A device tree can hold any kind of data as internally it is a tree of named nodes and properties. Nodes contain properties and child nodes, while properties are name–value pairs.
Device trees have both a binary format for operating systems to use and a textual format for convenient editing and management.[1]
Given the correct device tree, the same compiled kernel can support different hardware configurations within a wider architecture family. The Linux kernel for the ARC, ARM, C6x, H8/300, MicroBlaze, MIPS, NDS32, Nios II, OpenRISC, PowerPC, RISC-V, SuperH, and Xtensa architectures reads device tree information; on ARM, device trees have been mandatory for all new SoCs since 2012.[2] This can be seen as a remedy to the vast number of forks (of Linux and Das U-Boot) that have historically been created to support (marginally) different ARM boards. The purpose is to move a significant part of the hardware description out of the kernel binary, and into the compiled device tree blob, which is handed to the kernel by the boot loader, replacing a range of board-specific C source files and compile-time options in the kernel.[2]
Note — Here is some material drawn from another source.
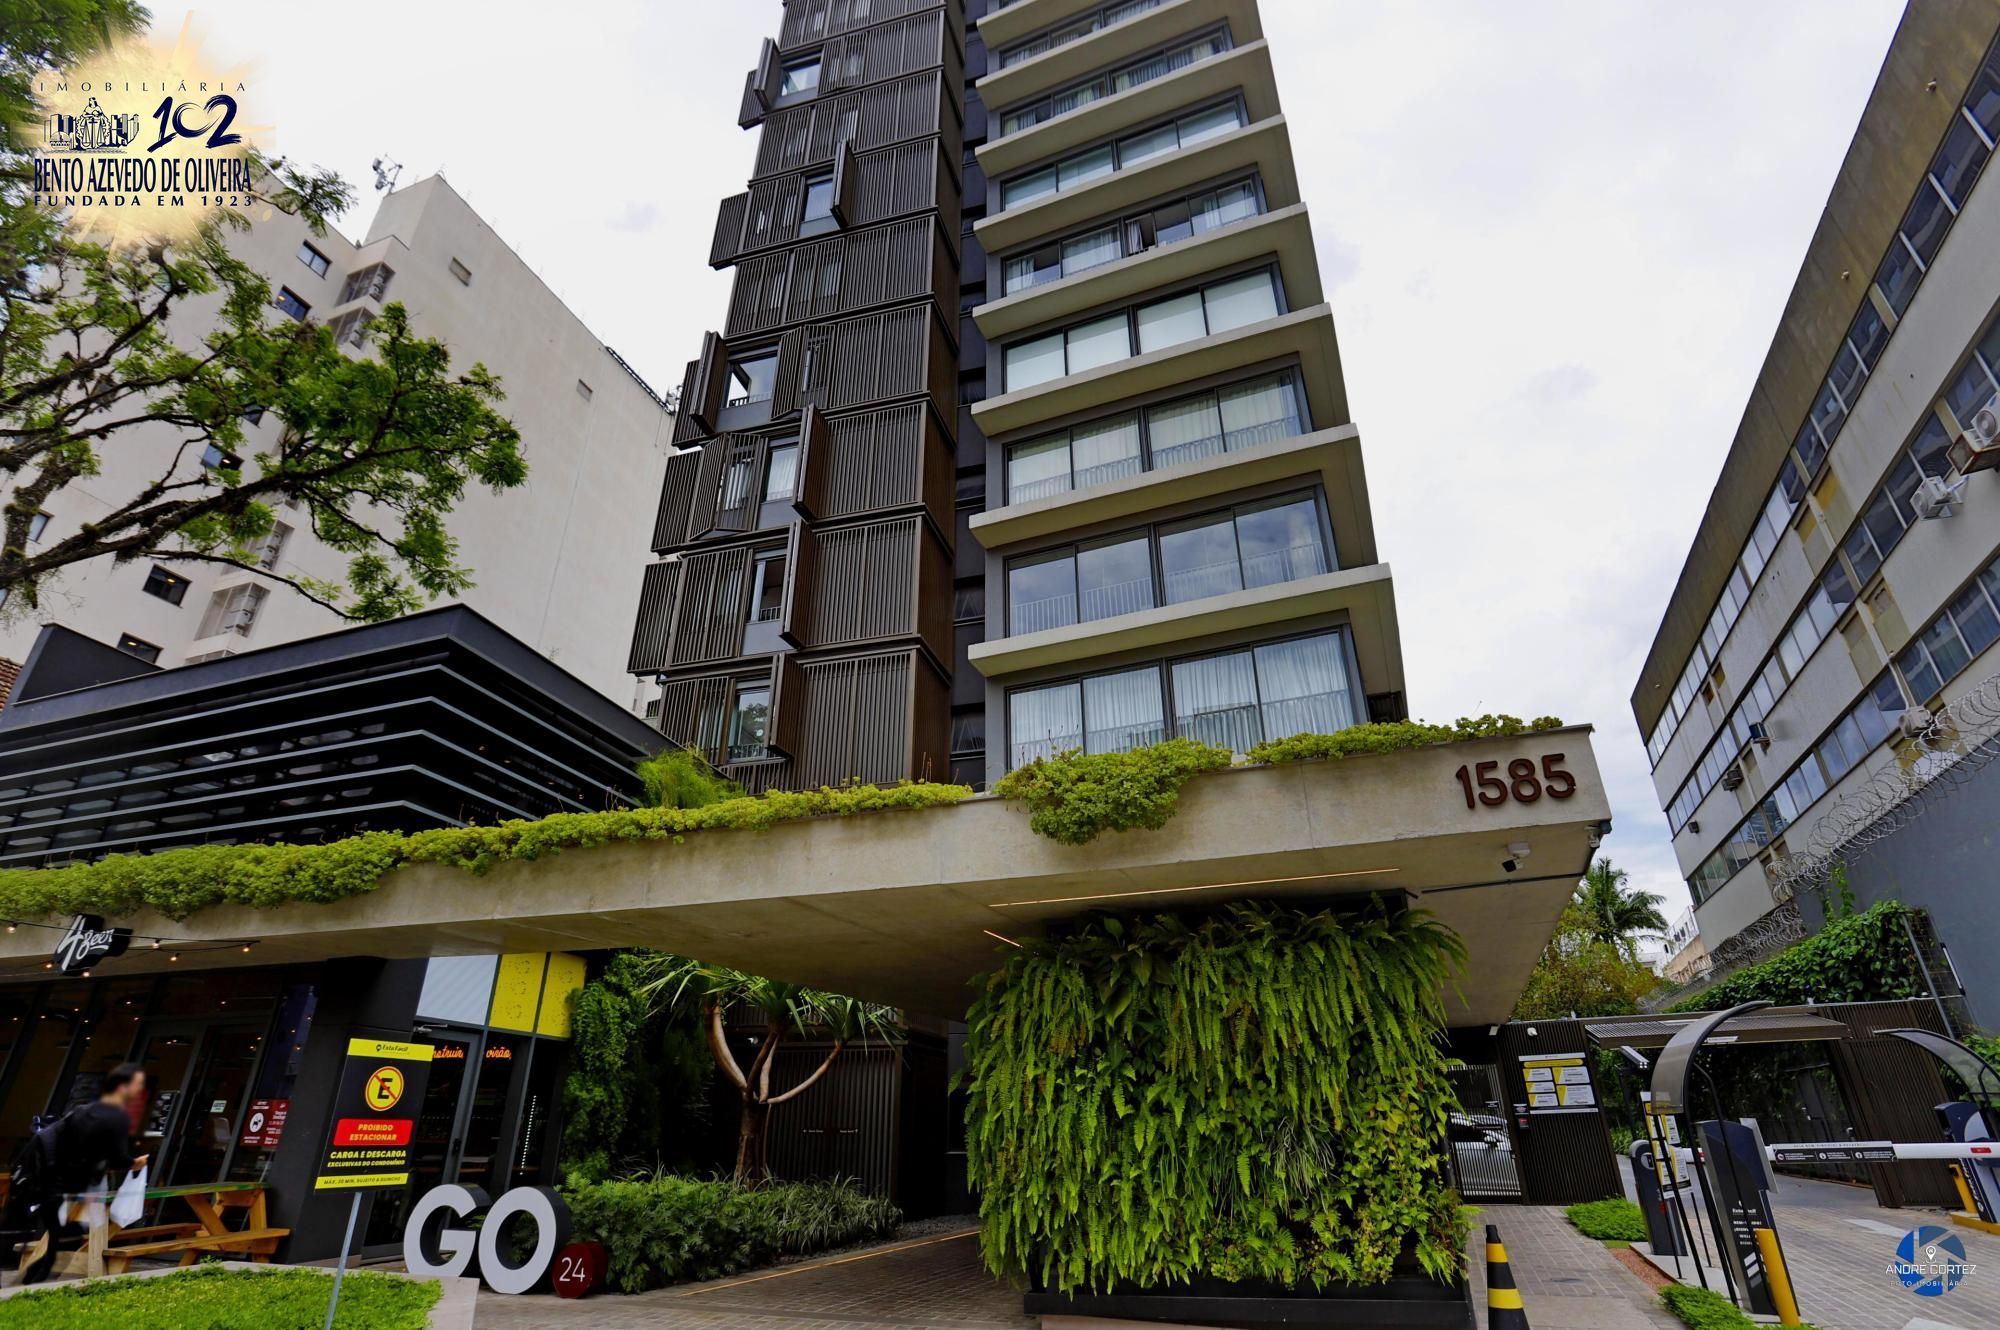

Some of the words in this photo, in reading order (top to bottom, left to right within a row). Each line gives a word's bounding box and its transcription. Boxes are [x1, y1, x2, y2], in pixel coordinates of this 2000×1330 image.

It is specified in a Devicetree Source file (.dts) and is compiled into a Devicetree Blob or device tree binary (.dtb) file through the Devicetree compiler (DTC). Device tree source files can include other files, referred to as device tree source includes.[3][1]
It has been customary for ARM-based Linux distributions to include a boot loader, that necessarily was customized for specific boards, for example Raspberry Pi or Hackberry A10. This has created problems for the creators of Linux distributions as some part of the operating system must be compiled specifically for every board variant, or updated to support new boards. However, some modern SoCs (for example, Freescale i.MX6) have a vendor-provided boot loader with device tree on a separate chip from the operating system.[4]
A proprietary configuration file format used for similar purposes, the FEX file format,[5] is a de facto standard among Allwinner SoCs.
Devicetree is widely used for ARM-based Android devices.
Windows (except for Windows CE) does not use DeviceTree (DTB file) as described here. Instead, it uses ACPI to discover and manage devices.[6]
On the boot process of iOS, iPadOS and ARM macOS, the Low Level Bootloader (LLB) will load Apple-encrypted devicetree to main memory, then loads iBoot.
The coreboot project makes use of device trees, but they are different from the flattened device trees used in the Linux kernel.[7]
Example of Devicetree Source (DTS) format:
/dts-v1/;
/ {
soc {
flash_controller: flash-controller@4001e000 {
reg = <0x4001e000 0x1000>;
flash0: flash@0 {
label = "SOC_FLASH";
erase-block = <4096>;
};
};
};
};
In the example above, the line /dts-v1/;
signifies version 1 of the DTS syntax.
The tree has four nodes: /
(root node), soc
(stands for "system on a chip"), flash-controller@4001e000
and flash@0
(instance of flash which uses the flash controller). Besides these node names, the latter two nodes have labels flash_controller
and flash0
respectively.
The latter two nodes have properties, which represent name/value pairs. Property label
has string type, property erase-block
has integer type and property reg
is an array of integers (32-bit unsigned values). Property values can refer to other nodes in the devicetree by their phandles. Phandle for a node with label flash0
would be written as &flash0
. Phandles are also 32-bit values.
Parts of the node names after the "at" sign (@
) are unit addresses. Unit addresses specify a node's address in the address space of its parent node.
The above tree could be compiled by the standard DTC compiler to binary DTB format or assembly. In Zephyr RTOS, however, DTS files are compiled into C header files (.h), which are then used by the build system to compile code for a specific board.[8]